> [ABOUT THIS TASK] Respond with exact copies of the lines running from the line that contains "this 1478×1315 image." to the end of the material.

··· MATERIAL SUPPLIED ···

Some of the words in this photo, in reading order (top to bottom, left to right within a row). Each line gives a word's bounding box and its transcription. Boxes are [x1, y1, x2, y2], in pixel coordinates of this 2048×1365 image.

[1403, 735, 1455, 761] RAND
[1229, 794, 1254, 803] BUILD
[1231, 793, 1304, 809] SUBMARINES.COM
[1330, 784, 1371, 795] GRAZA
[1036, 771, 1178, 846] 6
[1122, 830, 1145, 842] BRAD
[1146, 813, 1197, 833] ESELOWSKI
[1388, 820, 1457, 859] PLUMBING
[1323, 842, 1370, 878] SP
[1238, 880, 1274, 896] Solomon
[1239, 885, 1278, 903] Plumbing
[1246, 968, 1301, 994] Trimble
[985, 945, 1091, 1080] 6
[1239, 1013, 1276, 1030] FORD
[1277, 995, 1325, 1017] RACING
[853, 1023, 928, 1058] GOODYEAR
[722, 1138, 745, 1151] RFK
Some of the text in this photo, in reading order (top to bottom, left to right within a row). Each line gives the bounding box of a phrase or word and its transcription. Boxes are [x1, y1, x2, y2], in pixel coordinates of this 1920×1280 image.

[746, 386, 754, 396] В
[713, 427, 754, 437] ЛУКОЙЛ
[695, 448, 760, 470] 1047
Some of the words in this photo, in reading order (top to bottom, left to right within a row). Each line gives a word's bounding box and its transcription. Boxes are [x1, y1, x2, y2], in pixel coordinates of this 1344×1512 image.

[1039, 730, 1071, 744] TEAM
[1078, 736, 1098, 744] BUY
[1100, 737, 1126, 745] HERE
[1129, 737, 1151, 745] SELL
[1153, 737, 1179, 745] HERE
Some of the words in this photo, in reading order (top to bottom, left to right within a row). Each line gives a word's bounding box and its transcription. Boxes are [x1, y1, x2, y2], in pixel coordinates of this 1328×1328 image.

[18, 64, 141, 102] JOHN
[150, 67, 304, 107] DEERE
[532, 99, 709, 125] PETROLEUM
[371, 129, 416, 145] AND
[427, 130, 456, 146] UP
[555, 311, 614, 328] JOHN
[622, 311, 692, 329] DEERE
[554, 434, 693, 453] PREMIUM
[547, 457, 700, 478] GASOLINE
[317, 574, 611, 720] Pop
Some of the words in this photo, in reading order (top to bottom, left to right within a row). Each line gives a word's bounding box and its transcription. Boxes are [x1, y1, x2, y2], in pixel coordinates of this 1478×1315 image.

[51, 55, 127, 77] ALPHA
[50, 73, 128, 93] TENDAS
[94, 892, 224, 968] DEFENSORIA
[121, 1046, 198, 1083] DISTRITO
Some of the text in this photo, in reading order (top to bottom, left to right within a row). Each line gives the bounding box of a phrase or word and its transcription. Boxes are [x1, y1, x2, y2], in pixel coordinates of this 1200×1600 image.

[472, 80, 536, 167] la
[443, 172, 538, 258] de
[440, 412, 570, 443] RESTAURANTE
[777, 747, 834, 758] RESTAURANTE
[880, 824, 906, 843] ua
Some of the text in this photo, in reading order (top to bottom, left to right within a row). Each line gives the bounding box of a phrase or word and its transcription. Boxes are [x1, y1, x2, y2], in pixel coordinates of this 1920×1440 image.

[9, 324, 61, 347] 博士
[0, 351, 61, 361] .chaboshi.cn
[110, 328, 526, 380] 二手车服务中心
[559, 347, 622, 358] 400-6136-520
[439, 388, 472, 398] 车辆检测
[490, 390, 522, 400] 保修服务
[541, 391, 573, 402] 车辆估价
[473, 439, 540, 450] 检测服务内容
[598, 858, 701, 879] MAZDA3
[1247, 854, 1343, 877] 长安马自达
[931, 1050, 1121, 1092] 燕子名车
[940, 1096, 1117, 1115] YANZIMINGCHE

···

> [SOLUTION TO THIS PROBLEM]
Some of the words in this photo, in reading order (top to bottom, left to right within a row). Each line gives a word's bounding box and its transcription. Boxes are [x1, y1, x2, y2], in pixel coordinates of this 1478×1315 image.

[51, 55, 127, 77] ALPHA
[50, 73, 128, 93] TENDAS
[94, 892, 224, 968] DEFENSORIA
[121, 1046, 198, 1083] DISTRITO
Some of the text in this photo, in reading order (top to bottom, left to right within a row). Each line gives the bounding box of a phrase or word and its transcription. Boxes are [x1, y1, x2, y2], in pixel coordinates of this 1200×1600 image.

[472, 80, 536, 167] la
[443, 172, 538, 258] de
[440, 412, 570, 443] RESTAURANTE
[777, 747, 834, 758] RESTAURANTE
[880, 824, 906, 843] ua
Some of the text in this photo, in reading order (top to bottom, left to right within a row). Each line gives the bounding box of a phrase or word and its transcription. Boxes are [x1, y1, x2, y2], in pixel coordinates of this 1920×1440 image.

[9, 324, 61, 347] 博士
[0, 351, 61, 361] .chaboshi.cn
[110, 328, 526, 380] 二手车服务中心
[559, 347, 622, 358] 400-6136-520
[439, 388, 472, 398] 车辆检测
[490, 390, 522, 400] 保修服务
[541, 391, 573, 402] 车辆估价
[473, 439, 540, 450] 检测服务内容
[598, 858, 701, 879] MAZDA3
[1247, 854, 1343, 877] 长安马自达
[931, 1050, 1121, 1092] 燕子名车
[940, 1096, 1117, 1115] YANZIMINGCHE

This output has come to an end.